Newsletter May 2011
Social TV the future of television?

TV has come a very long way since the early days of black and white and so too has the way we consume its content. You can now do pretty much anything with your TV whether it is pause live television to return to it later, record your favourite programmes while you're out, or even use your iPhone to flick from one channel to another.

Recently however, a new term has entered into the TV world known as "social TV". This apparently is the future and will see many of us watching, rating, and sharing television content with friends at the click of a button.

Last month Yahoo paid an undisclosed sum (rumoured to be around the $20-30m mark) to snap up the little known social TV service IntoNow, ahead of Facebook and Twitter who were also reported to be on the chase of the startup company which only launched in January this year. Available on iPhone devices, IntoNow is an app which allows users to instantly share TV programmes they are watching. It uses an audio identification process to identify the show right down to the specific episode and by tapping a button to "check in" to the programme (in the same way Foursquare and Facebook Places allow users to check in to physical locations), users can send instant alerts to friends through Facebook or Twitter, or even share the very content.

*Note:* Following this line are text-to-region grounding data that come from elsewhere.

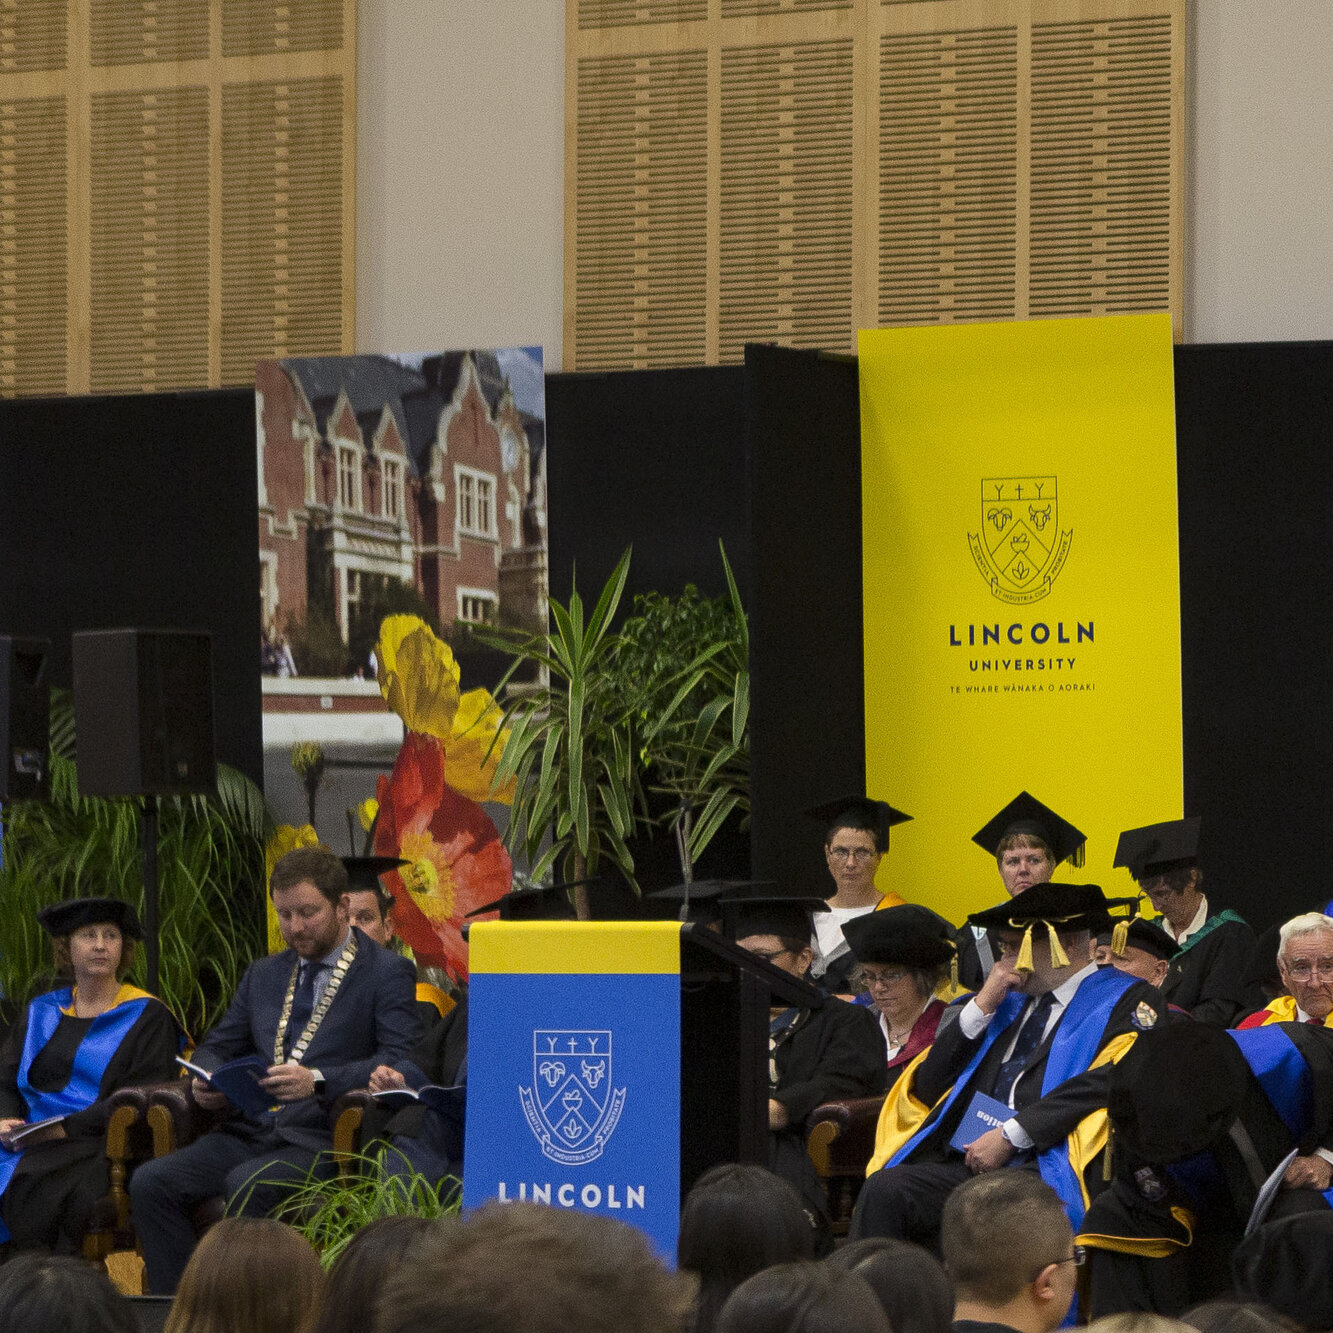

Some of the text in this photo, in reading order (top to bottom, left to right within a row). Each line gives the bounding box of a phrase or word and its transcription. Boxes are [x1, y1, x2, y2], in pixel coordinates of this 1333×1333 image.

[949, 621, 1095, 647] LINCOLN
[970, 658, 1076, 672] UNIVERSITY
[950, 686, 961, 694] TE
[966, 684, 999, 693] WHARE
[1058, 683, 1096, 692] AORAKI
[976, 1110, 1004, 1128] ation
[498, 1182, 645, 1209] LINCOLN
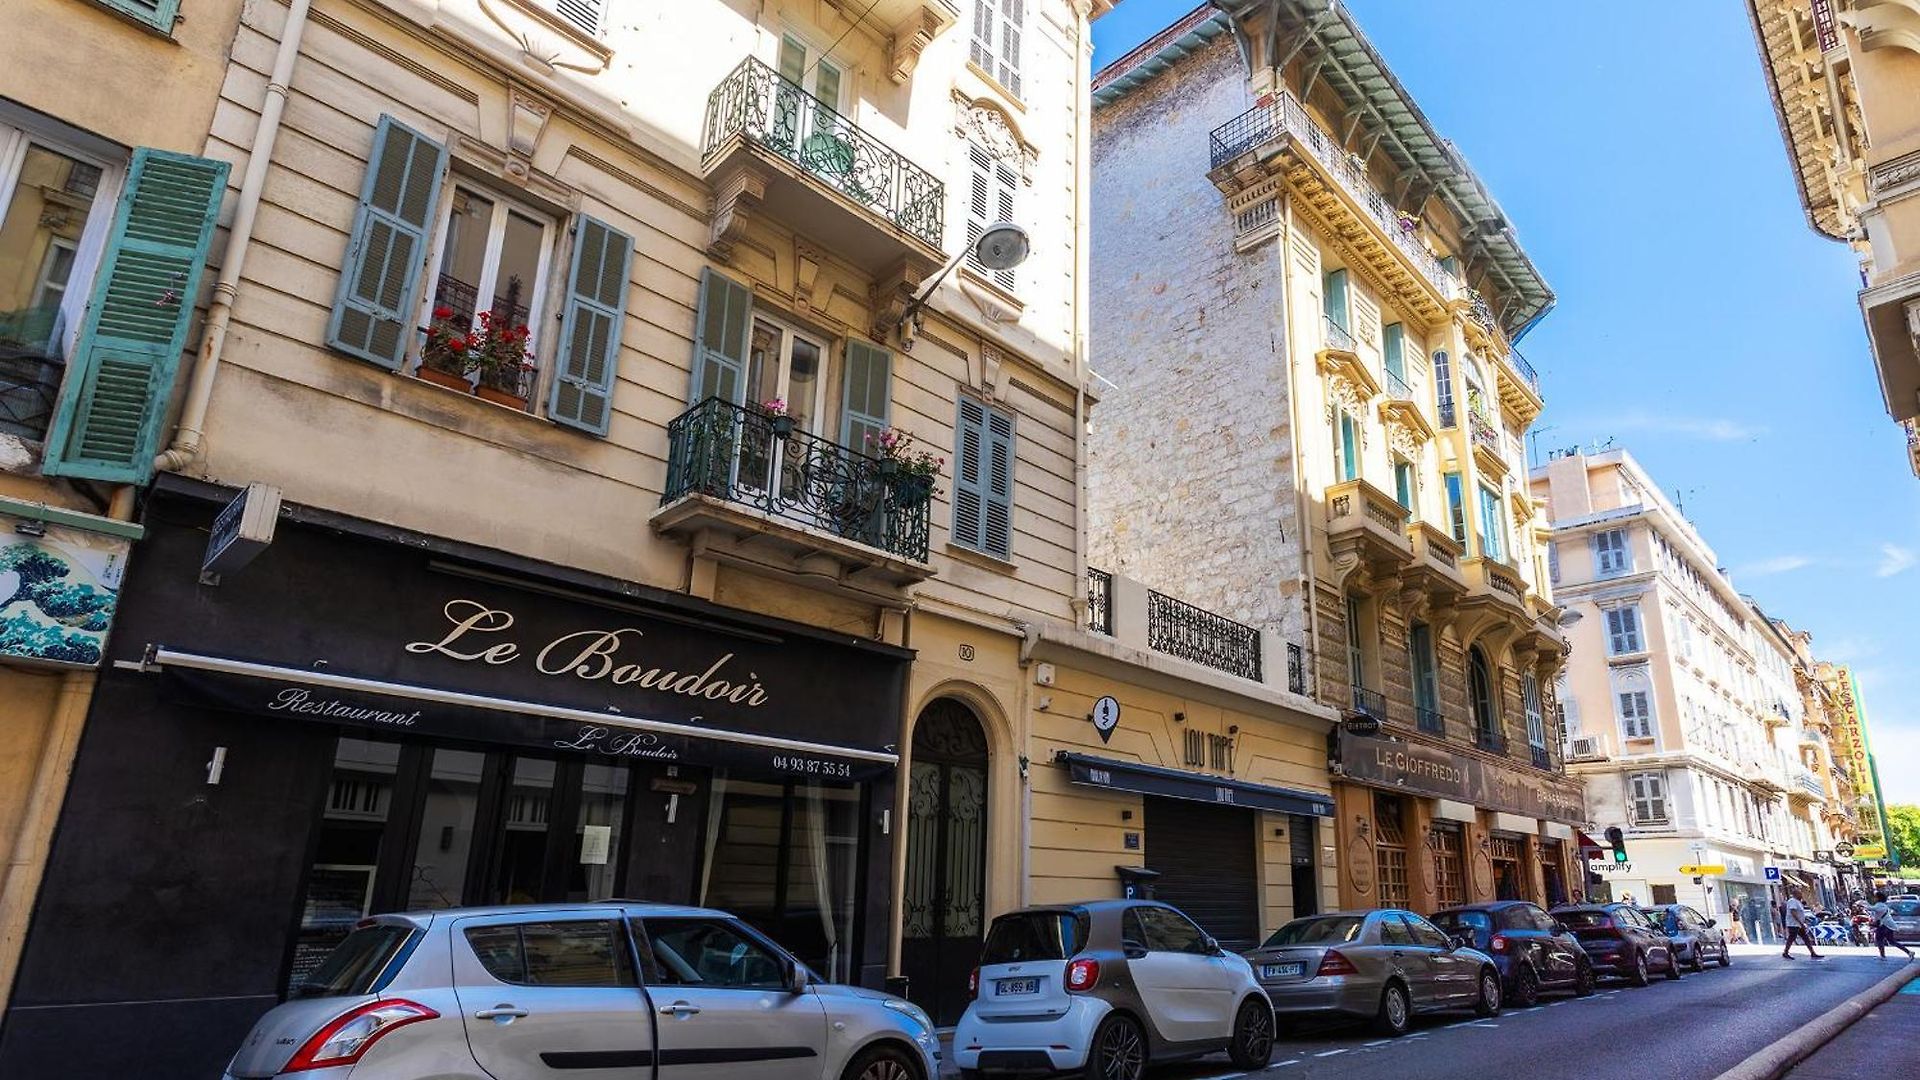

Part of the effectiveness of this service is down to IntoNow's index of over 150 million minutes and counting of US-based TV programming going back more than five years. The application is also integrated with iTunes and online internet TV and film rental site Netflix a plus point for advertisers hoping to reach a mass consumer audience.

Social channels are increasingly becoming a means for users to discover and share quality content with each other, whether it's on a computer, mobile, or television. At a recent LSE public lecture in central London, Sheryl Sandberg, Chief Operating Officer of Facebook, predicted that every industry must fundamentally rebuild itself on the concept of social design in order to survive. If these recent trends are anything to go by, it certainly looks like the television world is getting ready for it's biggest change yet.